Он взял в руки привезённую электрогитару, не включив её в усилок. Сел с ней в уголок, открыл пиво. Вылил полбутылки в пасть одним махом, фыркнул, утёрся. Взял негромкий, замысловатый аккорд.

Когда я засыпал спустя часа полтора или побольше, он так и сидел, склонив голову к грифу, и только менял аккорды, отстукивая босой ногой такты. На полу стояла открытая, забытая бутылка. Музыка заменяла Паше алкоголь.

Проснулся я оттого, что он курил, даже не вылезая из… раскладушки. Интересно, не за эту ли его привычку его выгнала «модный дизайнер»? Будь я его женой – выгнал бы непременно!

В этот день я позвонил по четырём адресам. В двух из них попросили прописку. По третьему адресу было всё время занято. И только по одному телефону девушка, голосом на автоответчик похожая, после долгих и ненужных объяснений пригласила приехать. Я получил шанс сделаться разносчиком. Раскладывать по почтовым ящикам рекламные газеты.

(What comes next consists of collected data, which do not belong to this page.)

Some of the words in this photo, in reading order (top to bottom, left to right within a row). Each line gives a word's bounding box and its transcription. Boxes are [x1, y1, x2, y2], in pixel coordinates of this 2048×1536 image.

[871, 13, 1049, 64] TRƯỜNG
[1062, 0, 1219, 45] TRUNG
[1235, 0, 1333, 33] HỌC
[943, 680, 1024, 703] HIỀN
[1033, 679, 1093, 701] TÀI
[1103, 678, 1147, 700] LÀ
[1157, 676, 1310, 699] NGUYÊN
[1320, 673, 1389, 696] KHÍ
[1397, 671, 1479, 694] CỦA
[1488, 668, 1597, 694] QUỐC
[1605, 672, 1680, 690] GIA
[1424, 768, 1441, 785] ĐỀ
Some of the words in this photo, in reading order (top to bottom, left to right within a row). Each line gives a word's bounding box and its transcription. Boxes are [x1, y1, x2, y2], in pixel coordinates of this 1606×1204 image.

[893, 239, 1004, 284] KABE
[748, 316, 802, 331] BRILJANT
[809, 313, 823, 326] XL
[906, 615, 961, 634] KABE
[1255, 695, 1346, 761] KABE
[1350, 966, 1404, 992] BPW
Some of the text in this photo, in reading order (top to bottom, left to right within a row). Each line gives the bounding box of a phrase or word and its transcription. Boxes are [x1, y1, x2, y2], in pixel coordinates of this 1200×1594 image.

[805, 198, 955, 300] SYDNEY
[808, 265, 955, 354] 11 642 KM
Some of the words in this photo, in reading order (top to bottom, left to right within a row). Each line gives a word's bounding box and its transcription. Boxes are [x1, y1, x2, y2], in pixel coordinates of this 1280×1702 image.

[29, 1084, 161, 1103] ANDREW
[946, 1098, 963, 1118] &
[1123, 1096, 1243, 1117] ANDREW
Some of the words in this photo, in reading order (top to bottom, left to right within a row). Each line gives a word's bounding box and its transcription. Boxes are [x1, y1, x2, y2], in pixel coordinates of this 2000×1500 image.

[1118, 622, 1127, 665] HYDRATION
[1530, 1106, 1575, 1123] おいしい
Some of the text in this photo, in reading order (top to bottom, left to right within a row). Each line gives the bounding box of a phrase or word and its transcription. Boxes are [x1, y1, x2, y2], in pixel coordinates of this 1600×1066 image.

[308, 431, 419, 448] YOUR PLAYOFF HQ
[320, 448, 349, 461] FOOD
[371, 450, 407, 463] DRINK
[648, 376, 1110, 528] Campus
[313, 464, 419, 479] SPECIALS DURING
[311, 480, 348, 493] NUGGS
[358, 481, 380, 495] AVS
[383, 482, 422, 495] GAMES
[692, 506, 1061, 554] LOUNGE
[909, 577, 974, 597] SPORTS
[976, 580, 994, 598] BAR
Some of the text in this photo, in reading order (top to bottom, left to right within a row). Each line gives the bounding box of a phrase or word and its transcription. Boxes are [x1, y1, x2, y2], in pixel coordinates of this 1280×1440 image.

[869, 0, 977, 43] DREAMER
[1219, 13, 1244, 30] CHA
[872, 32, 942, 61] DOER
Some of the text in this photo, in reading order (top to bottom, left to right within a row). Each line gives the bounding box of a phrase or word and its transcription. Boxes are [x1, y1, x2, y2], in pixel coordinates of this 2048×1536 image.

Я так отвык проходить собеседования, что даже разволновался. Чуть не допил оставленное Пашей на полу пиво. Бритвой поцарапал скулу. Хорошо хоть остальные увечья лица перестали бросаться в глаза. Паша задавал мне вопросы:

– Серый, а оплата сдельная?

– Да, – отвечал я, одеваясь.

– А график?

– Пятидневка. С восьми до шести!

– Да ладно!

– А как ты хотел?

По поводу графика я не врал. Меня самого удивило это объявление. Зато и сумма, значащаяся там в графе «оплата» была более-менее привлекательна. То есть платили хорошо – но только тем, кто готов хорошо работать.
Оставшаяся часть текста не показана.